Be aware of your finances and ability to make mortgage repayments
The first thing upon having had a situation like being laid off from your job or being injured or sick is to be aware of your finances coming in, and how much you are currently having being spent on outgoings. With finances coming into the household – are you able to access alternative sources of income such as sickness payment, unemployment benefits or disability payments – whether short or long term. Go through your paperwork and see if you have previously obtained insurance to cover things such as unemployment or disability to pay your mortgage payments while you are in this situation.
Once you are aware of what payments are available to support your income, it is important to establish a budget as to how much you can afford to spend on your essentials, and how much you can afford to repay on your loan. As a general rule, you should be not spending any more than 50 – 60% of your income on your mortgage repayments.
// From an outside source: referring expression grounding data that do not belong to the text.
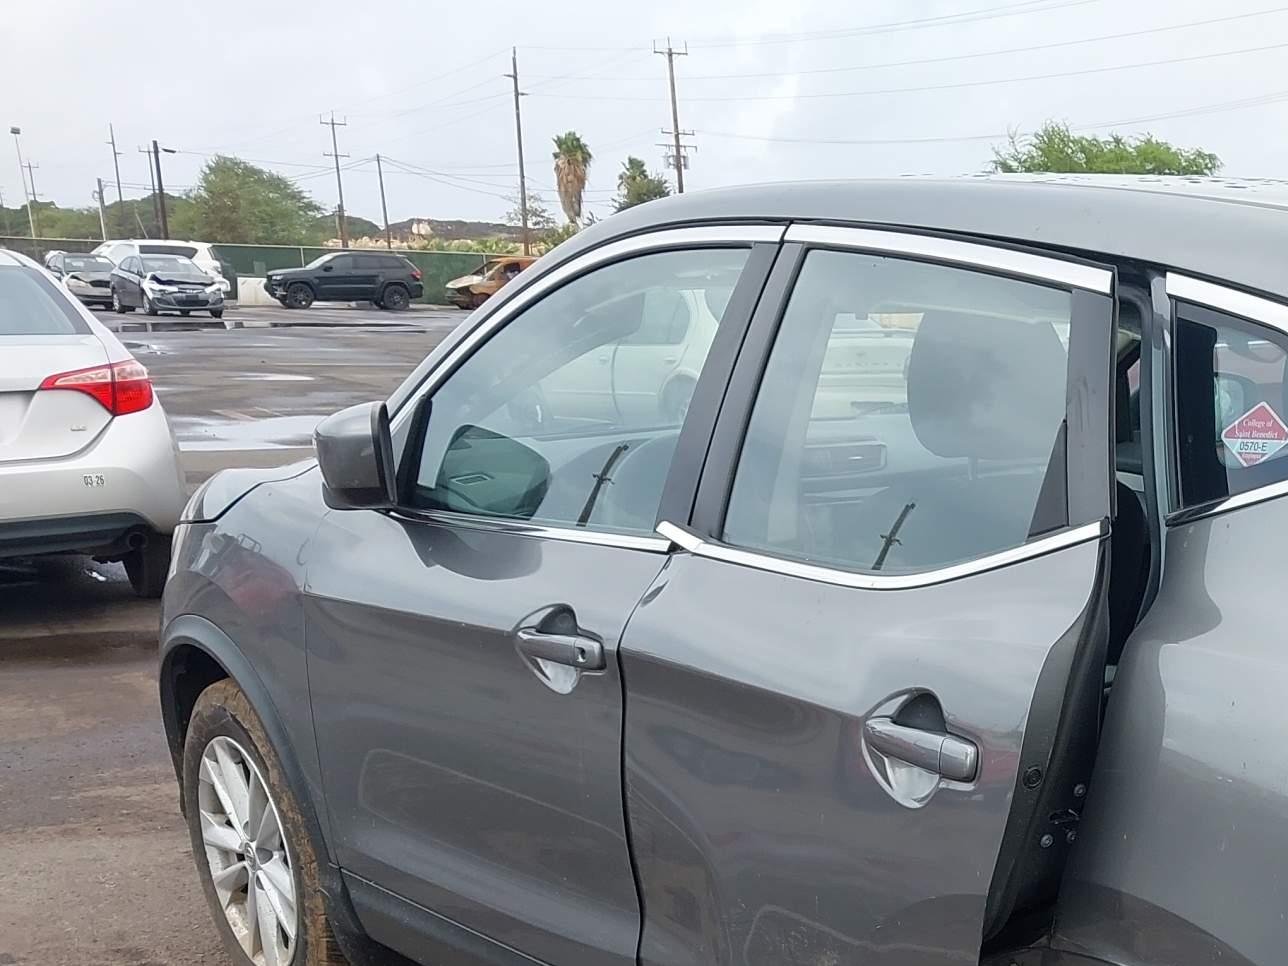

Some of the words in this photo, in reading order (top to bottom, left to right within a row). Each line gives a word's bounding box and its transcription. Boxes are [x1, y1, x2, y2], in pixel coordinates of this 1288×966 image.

[1243, 418, 1265, 428] College
[1266, 419, 1273, 427] of
[1235, 429, 1250, 438] Saint
[1251, 430, 1278, 438] Benedict
[1240, 441, 1268, 451] 0570-E
[84, 475, 94, 486] 03
Get help and information relevant to your situation
You may need assistance from a welfare organization, social security advisor, a social worker, or a financial counselor to help you organize your finances so that you can cover your essential living expenses. They can provide you with information where you can access social security payments, food assistance, medical assistance, or mortgage assistance.
Understand your rights
Professionals such as financial counselors can help you negotiate with your lenders to vary your payments or set aside your payments temporarily, depending on what your mortgage contract is or what your legal rights are. They can help you go through the fine print in your mortgage contract, and are aware of all of the rights that you have in your particular jurisdiction.
You can be entitled in Australia to apply for a hardship variation – where you are able to vary the terms of your mortgage repayments – because you are in a situation where unforeseen circumstances occurred.